If you are a dreamer, a doer, a horizon viewer - come in! come in! Announce yourself and let it be known.
The seed of adventure has been sown.

The goal is to take this boat on a trip that no other Wharram boat has taken.
From Great Slave Lake in Canada's Northwest Territories up the MacKenzie River to the Beafort Sea
and westward to the Bering Sea and south to the inside passage on the Alaska and British Columbia coast.

Wednesday, April 25, 2007

I am no professional painter! That is the challenge of DIY, (Do It Yourself). The skill set you need to aquire is enormous. Plan reader, material estimator, lofter, carpenter, epoxy and glassing EXPERT, painter, mast maker, electronics guy and on and on. But what fun it is!!! I'm not building a yacht afterall - all spit shined and polished. I'm building a Wharram for the love of adventure and I'm doing the best I can with the skill, tools and physical facilities I have. The learning curve is steep! Today I discovered painter's disaster. And I discovered that you can recover, if you think and act fast. I have two spray guns. The one I've been using for primer had been acting up so I thought I'd try the other one. Wrong decision. I created a mess. I was mopping up paint with a sponge brush. I didn't have runs, I had spring break-up! Quick thinking got all the paint squeegee'd up. I then smoothed out the catastrope with another sponge brush. I got it looking neat, no runs or sags. The System Three polyurethane paint I'm using cures fast, even at 65% humidity and temperatures in the mid-fifties. I finished all four hull ends with a brush. It looked inconsistent. I fired up my other spray gun. This one, which had baulked at doing a consistent job with the primer laid down the paint very consistently. I went over my brush work, misting the surface to get it to a consistent look. It worked! By day's end I had all four ends nicely painted and the foot wells and hatches done too. They weren't on my list! I had some extra time so I glued one of the rub rails on. I save all my sanding dust. This is what I use to make special pastes for gluing, when the premixed stuff from System Three isn't what I need.
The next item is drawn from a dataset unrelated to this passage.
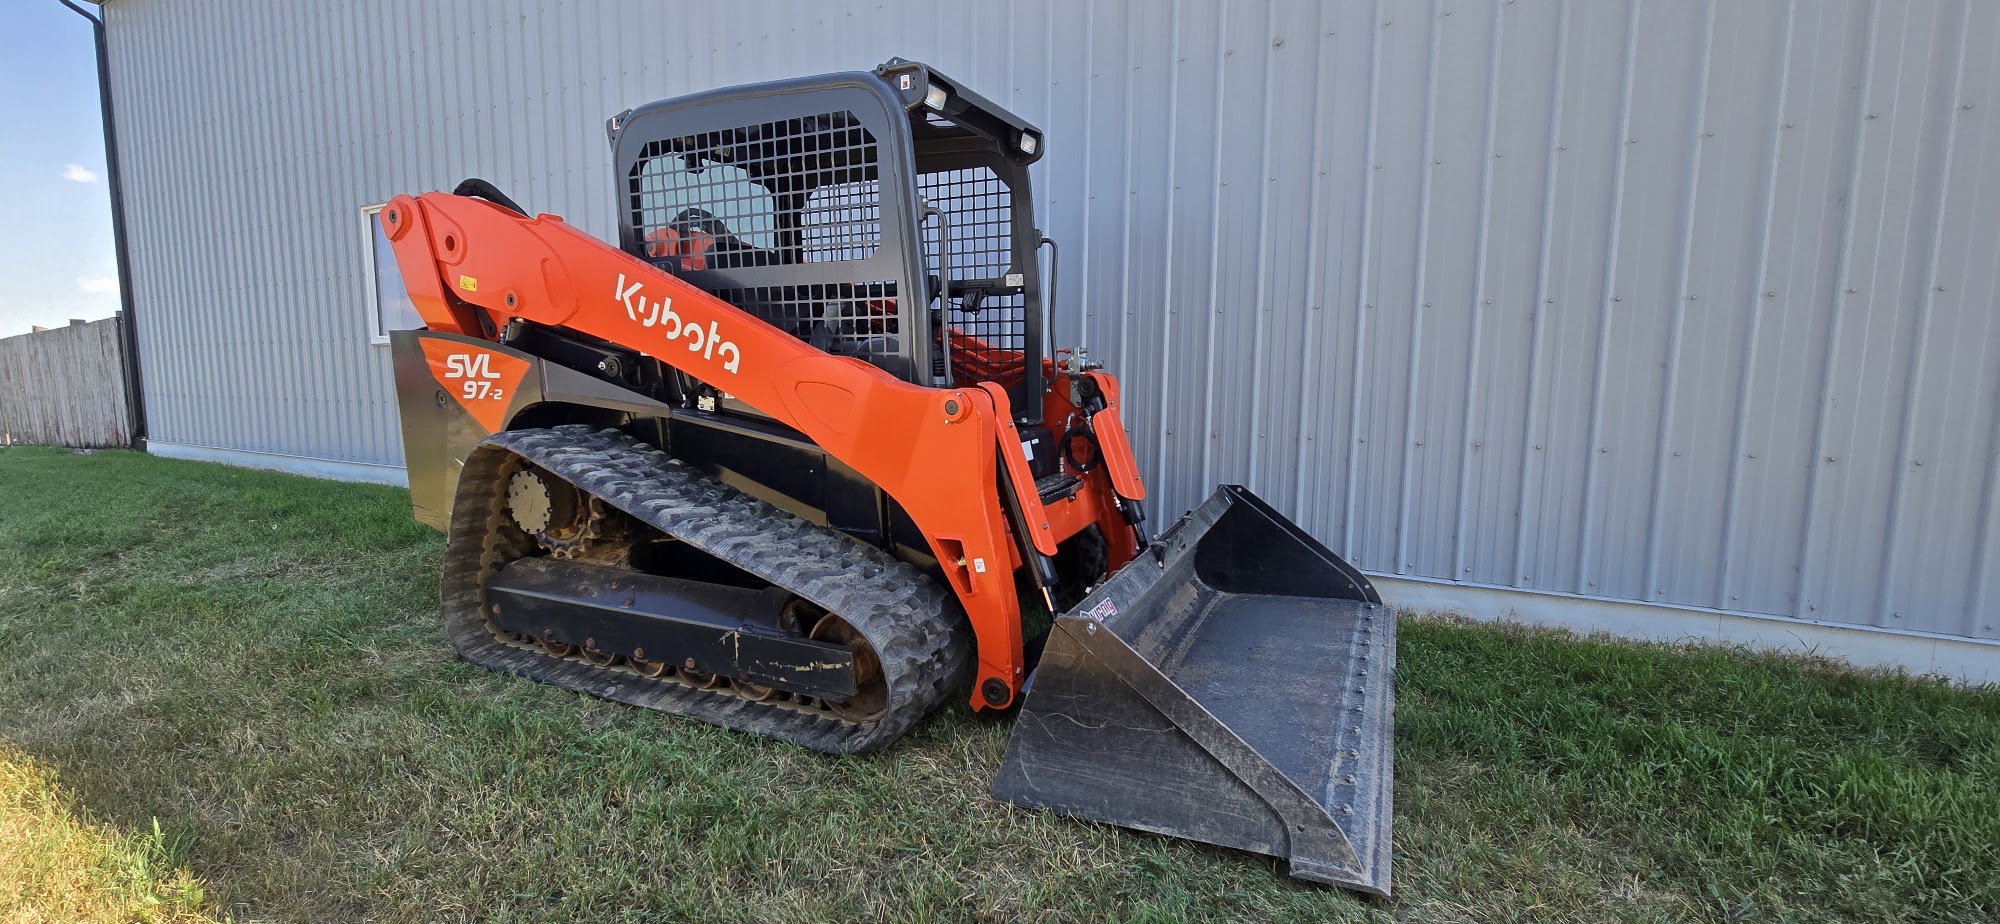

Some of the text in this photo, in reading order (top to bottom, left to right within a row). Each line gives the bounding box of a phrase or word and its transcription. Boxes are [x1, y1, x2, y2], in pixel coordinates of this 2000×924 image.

[615, 273, 740, 374] Kubota
[445, 354, 500, 378] SVL
[463, 381, 503, 400] 97-2
One rail glued and screwed, three to go!


H1 stern cabin compartment


Looking aft in H1. Only the furthest compartment is painted the rest have only been primed


Painted hatches stored on the front deck of H1. All flat surfaces become tables for something!


More and different stuff stored on a hull deck!


The shed is filling up to overflowing. How will I ever build my mast in this space?